### Problem statement
Once the images are set aside, output the listing exactly as it stands.

### Data for the task
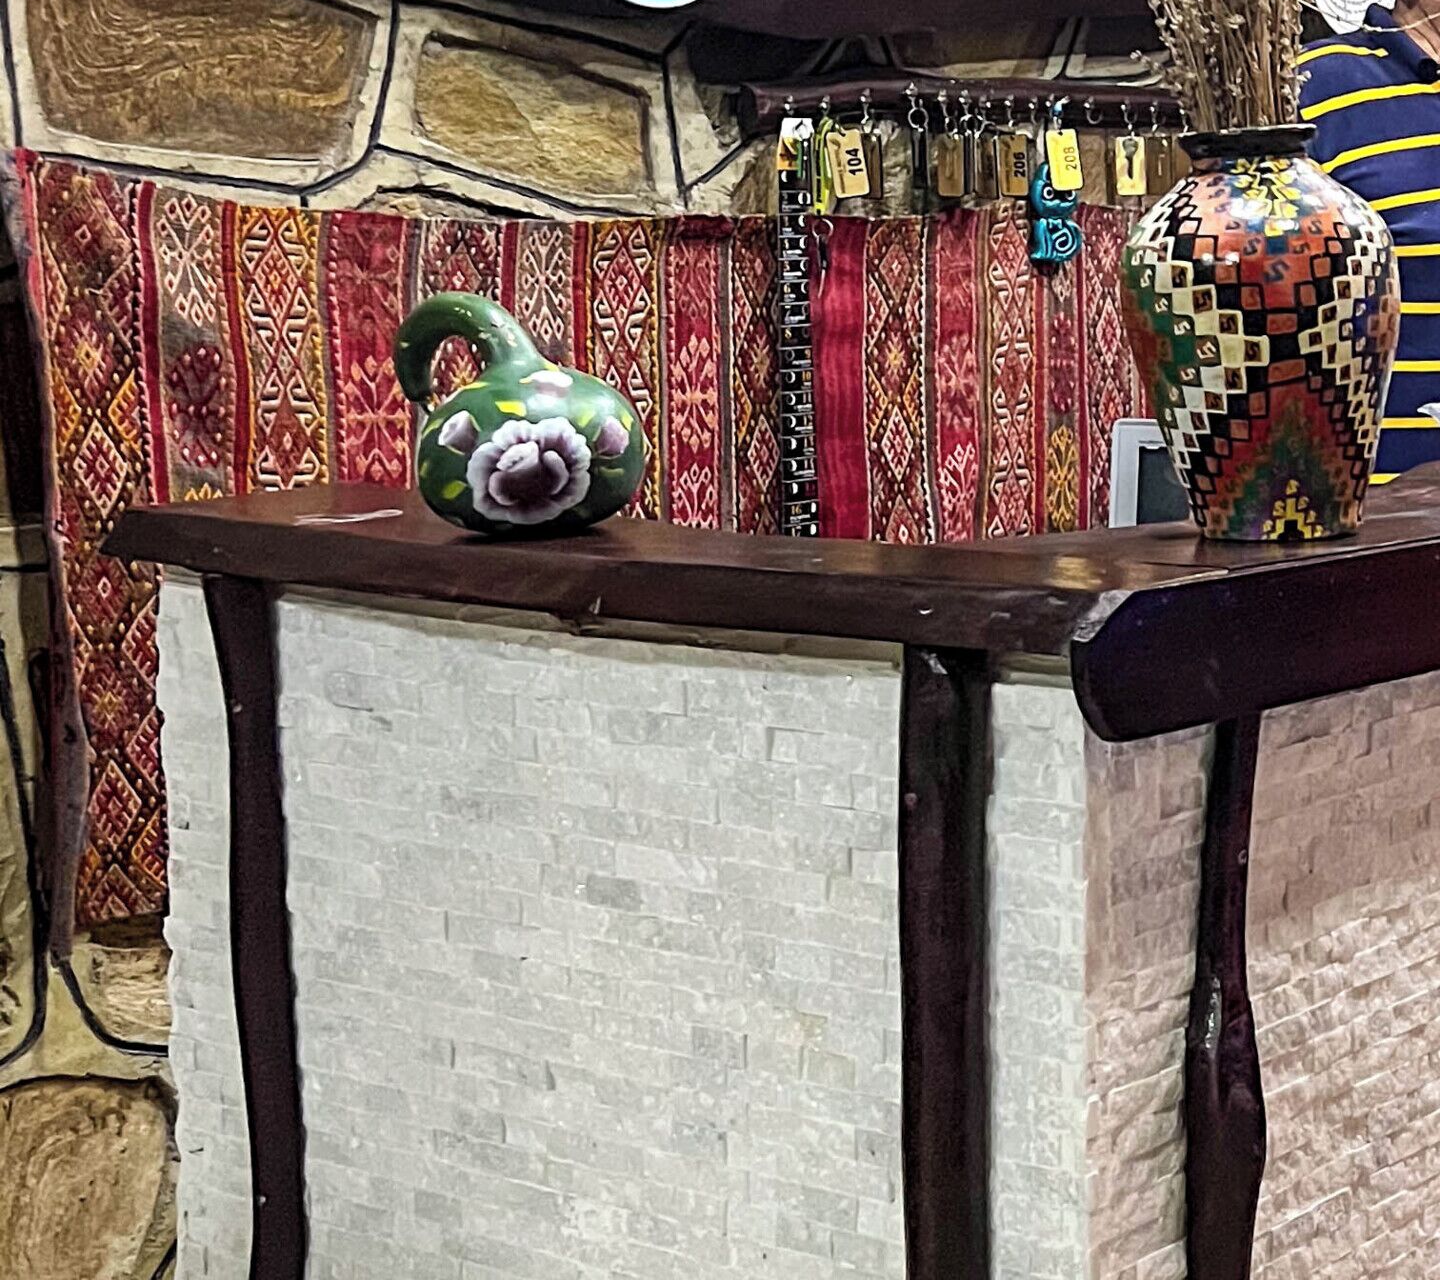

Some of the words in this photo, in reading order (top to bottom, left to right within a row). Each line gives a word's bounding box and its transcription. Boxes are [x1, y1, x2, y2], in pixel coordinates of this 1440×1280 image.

[845, 148, 864, 176] 104
[1013, 151, 1026, 178] 206
[1063, 146, 1078, 172] 208
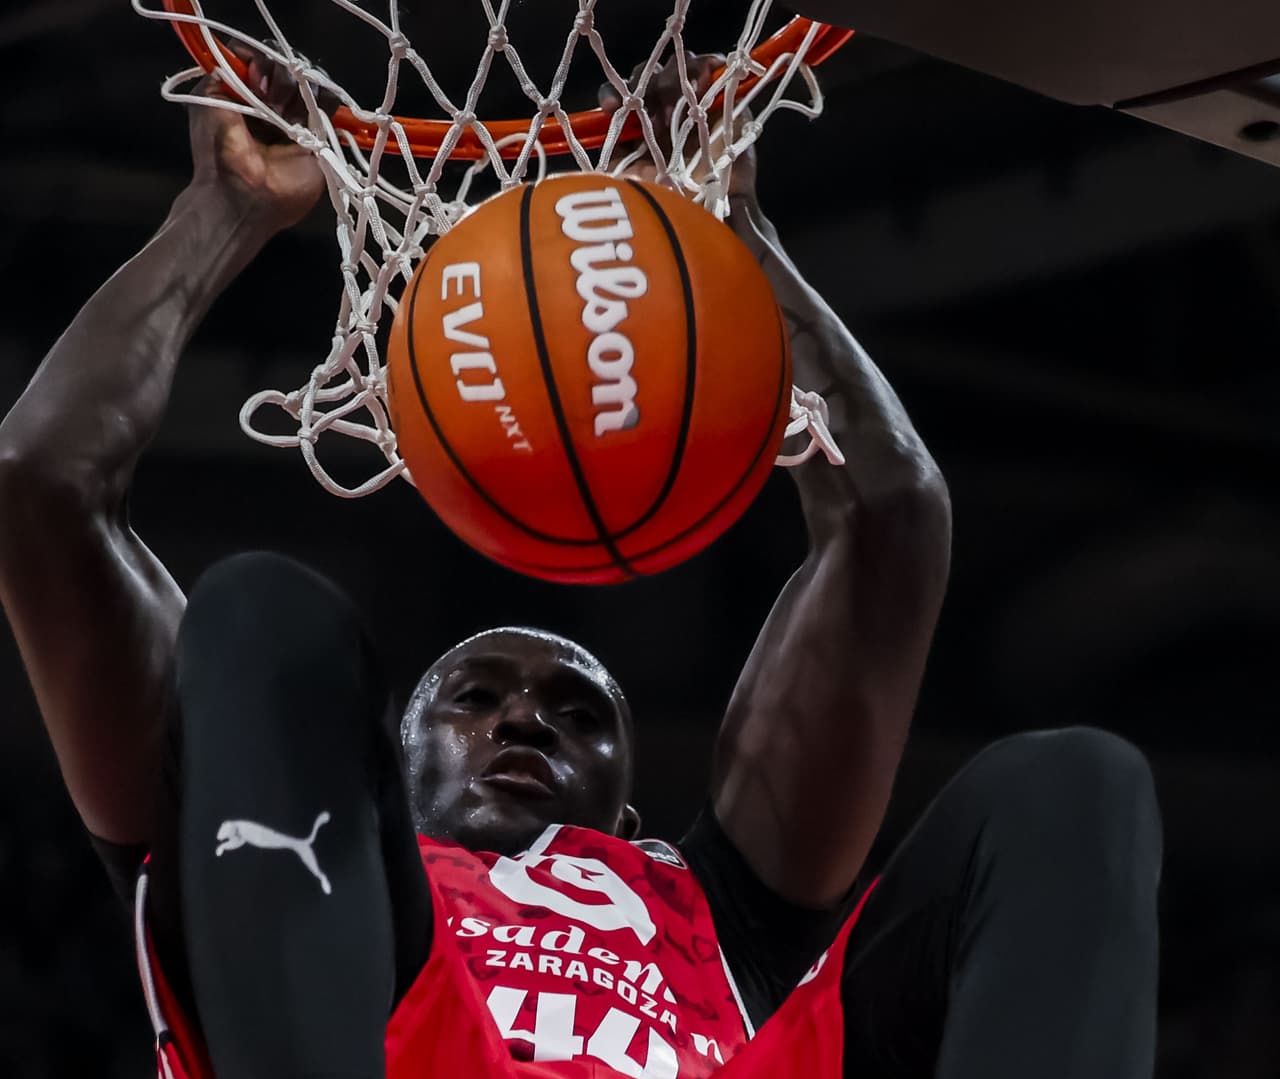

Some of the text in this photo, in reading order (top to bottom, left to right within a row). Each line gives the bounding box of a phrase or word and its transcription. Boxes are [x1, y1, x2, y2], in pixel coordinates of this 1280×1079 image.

[554, 187, 648, 438] Wilson
[494, 405, 532, 454] NXT
[485, 949, 677, 1033] ZARAGOZA
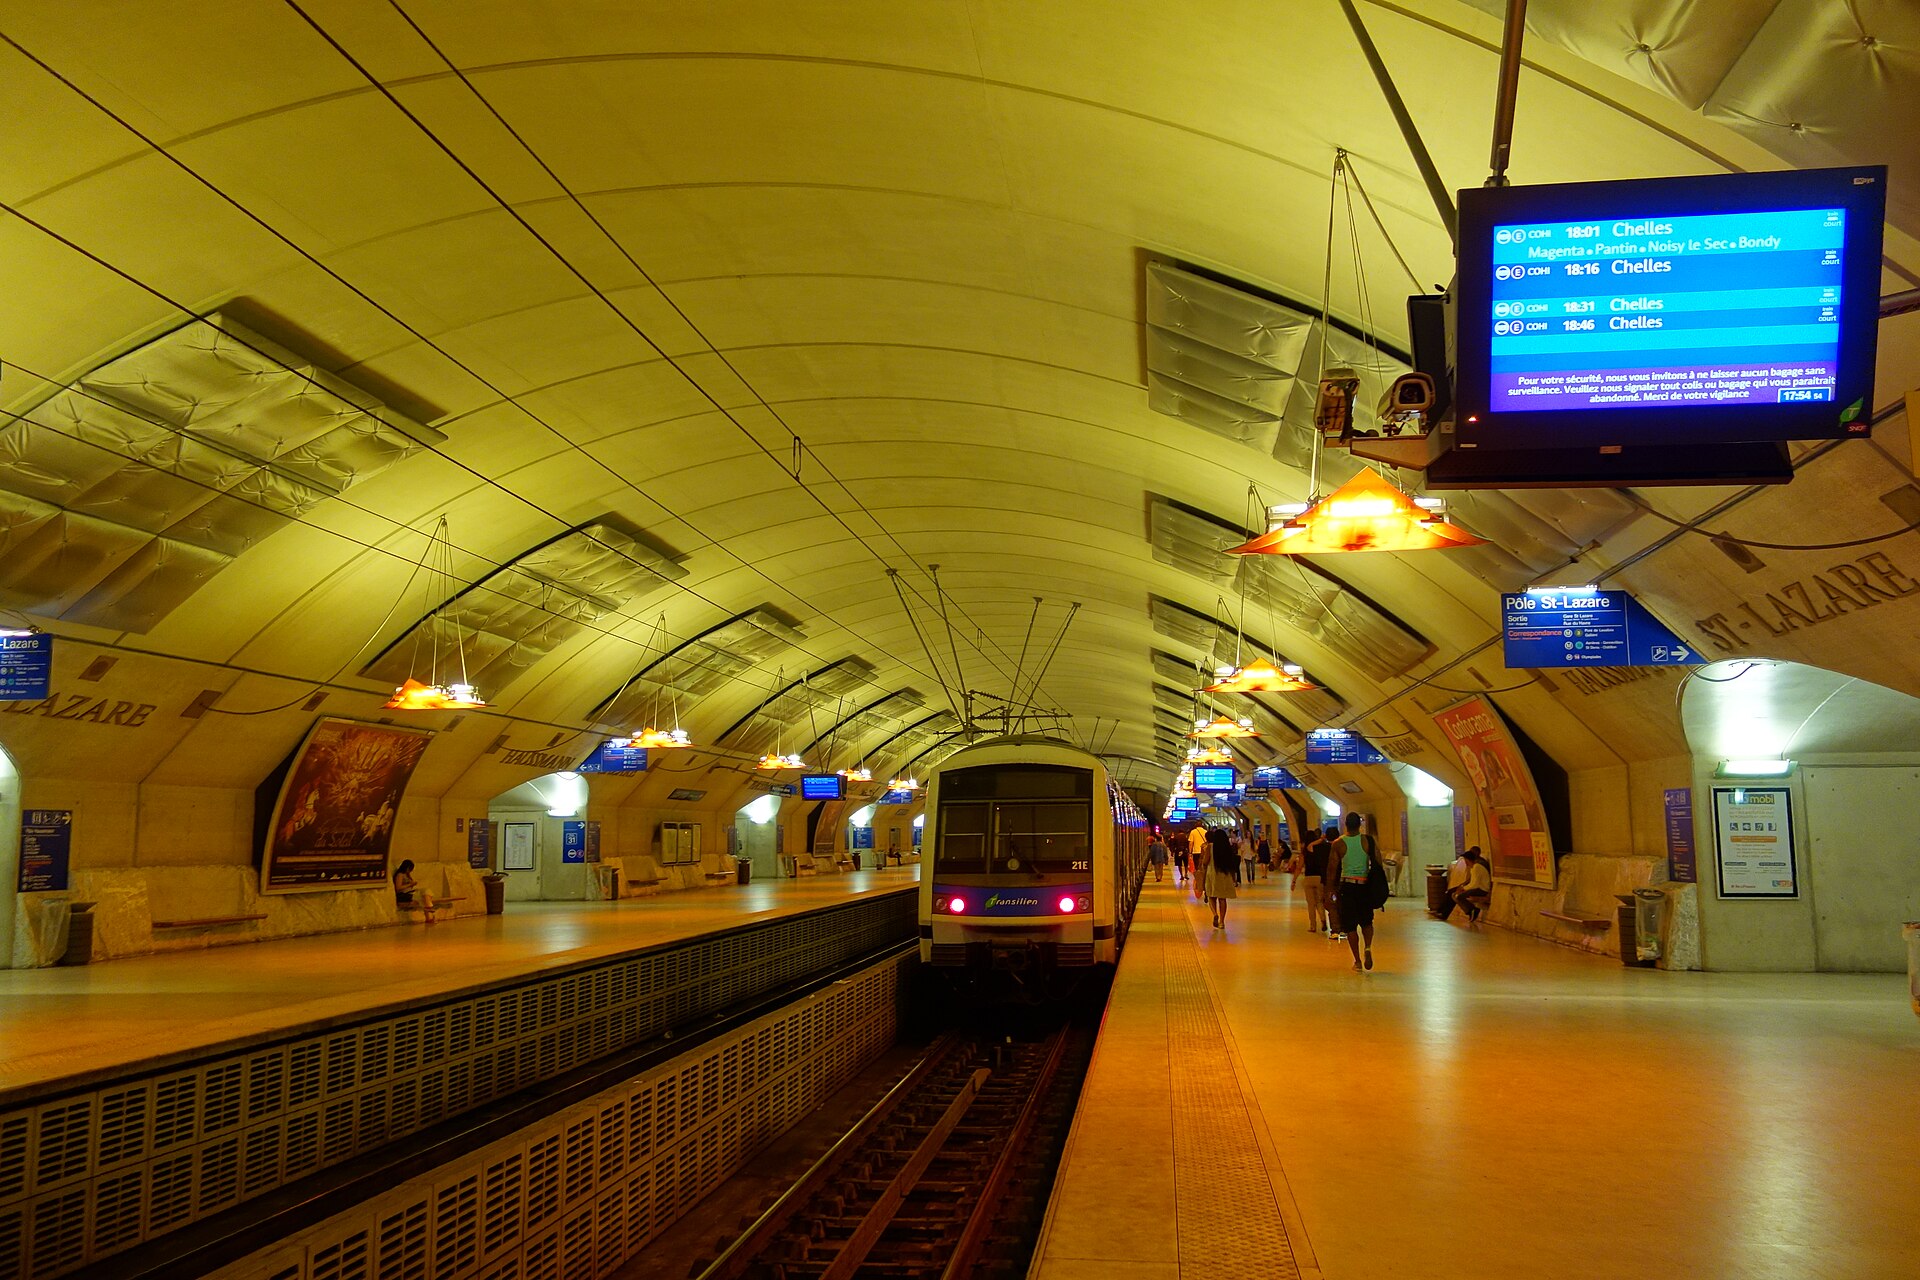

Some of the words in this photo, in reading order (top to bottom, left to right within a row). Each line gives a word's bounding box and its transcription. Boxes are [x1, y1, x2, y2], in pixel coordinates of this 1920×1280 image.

[1565, 225, 1600, 238] 18:01
[1612, 221, 1673, 237] Chelles
[1528, 246, 1584, 260] Magenta
[1595, 242, 1637, 255] Pantin
[1648, 240, 1685, 254] Noisy
[1688, 239, 1701, 251] le
[1704, 238, 1728, 250] Sec
[1738, 235, 1781, 250] Bondy
[1565, 263, 1600, 276] 18:16
[1611, 259, 1672, 275] Chelles
[1821, 258, 1840, 266] court
[1563, 301, 1595, 313] 18:31
[1610, 298, 1664, 312] Chelles
[1563, 319, 1595, 331] 18:46
[1609, 316, 1663, 330] Chelles
[1518, 376, 1539, 386] Pour
[1541, 376, 1564, 385] votre
[1565, 373, 1604, 384] sécurité,
[1606, 374, 1627, 383] nous
[1629, 374, 1650, 382] vous
[1651, 371, 1687, 381] invitons
[1689, 369, 1695, 379] à
[1697, 371, 1709, 379] ne
[1710, 368, 1739, 378] laisser
[1740, 369, 1769, 377] aucun
[1770, 367, 1804, 377] bagage
[1805, 367, 1826, 375] sans
[1508, 387, 1562, 396] surveillance.
[1564, 385, 1599, 394] Veuillez
[1601, 385, 1623, 393] nous
[1624, 383, 1659, 393] signaler
[1660, 382, 1680, 391] tout
[1682, 380, 1703, 390] colis
[1705, 381, 1717, 389] ou
[1719, 379, 1751, 390] bagage
[1753, 377, 1768, 388] qui
[1770, 378, 1791, 387] vous
[1589, 393, 1642, 403] abandonné.
[1643, 392, 1668, 401] Merci
[1670, 391, 1682, 400] de
[1684, 391, 1708, 400] votre
[1710, 390, 1750, 401] vigilance
[1783, 391, 1812, 400] 17:54
[1506, 597, 1536, 610] Pôle
[1541, 595, 1610, 609] St-Lazare
[1444, 712, 1496, 740] Conforama
[1071, 861, 1089, 870] 21E
[990, 897, 1038, 907] Transilien

### Result of this task
Some of the words in this photo, in reading order (top to bottom, left to right within a row). Each line gives a word's bounding box and its transcription. Boxes are [x1, y1, x2, y2], in pixel coordinates of this 1440×1280 image.

[845, 148, 864, 176] 104
[1013, 151, 1026, 178] 206
[1063, 146, 1078, 172] 208

Some of the text in this photo, in reading order (top to bottom, left to right within a row). Each line gives the bounding box of a phrase or word and its transcription. Boxes are [x1, y1, x2, y2], in pixel coordinates of this 1280×1079 image.

[554, 187, 648, 438] Wilson
[494, 405, 532, 454] NXT
[485, 949, 677, 1033] ZARAGOZA

Some of the words in this photo, in reading order (top to bottom, left to right within a row). Each line gives a word's bounding box and its transcription. Boxes are [x1, y1, x2, y2], in pixel coordinates of this 1920×1280 image.

[1565, 225, 1600, 238] 18:01
[1612, 221, 1673, 237] Chelles
[1528, 246, 1584, 260] Magenta
[1595, 242, 1637, 255] Pantin
[1648, 240, 1685, 254] Noisy
[1688, 239, 1701, 251] le
[1704, 238, 1728, 250] Sec
[1738, 235, 1781, 250] Bondy
[1565, 263, 1600, 276] 18:16
[1611, 259, 1672, 275] Chelles
[1821, 258, 1840, 266] court
[1563, 301, 1595, 313] 18:31
[1610, 298, 1664, 312] Chelles
[1563, 319, 1595, 331] 18:46
[1609, 316, 1663, 330] Chelles
[1518, 376, 1539, 386] Pour
[1541, 376, 1564, 385] votre
[1565, 373, 1604, 384] sécurité,
[1606, 374, 1627, 383] nous
[1629, 374, 1650, 382] vous
[1651, 371, 1687, 381] invitons
[1689, 369, 1695, 379] à
[1697, 371, 1709, 379] ne
[1710, 368, 1739, 378] laisser
[1740, 369, 1769, 377] aucun
[1770, 367, 1804, 377] bagage
[1805, 367, 1826, 375] sans
[1508, 387, 1562, 396] surveillance.
[1564, 385, 1599, 394] Veuillez
[1601, 385, 1623, 393] nous
[1624, 383, 1659, 393] signaler
[1660, 382, 1680, 391] tout
[1682, 380, 1703, 390] colis
[1705, 381, 1717, 389] ou
[1719, 379, 1751, 390] bagage
[1753, 377, 1768, 388] qui
[1770, 378, 1791, 387] vous
[1589, 393, 1642, 403] abandonné.
[1643, 392, 1668, 401] Merci
[1670, 391, 1682, 400] de
[1684, 391, 1708, 400] votre
[1710, 390, 1750, 401] vigilance
[1783, 391, 1812, 400] 17:54
[1506, 597, 1536, 610] Pôle
[1541, 595, 1610, 609] St-Lazare
[1444, 712, 1496, 740] Conforama
[1071, 861, 1089, 870] 21E
[990, 897, 1038, 907] Transilien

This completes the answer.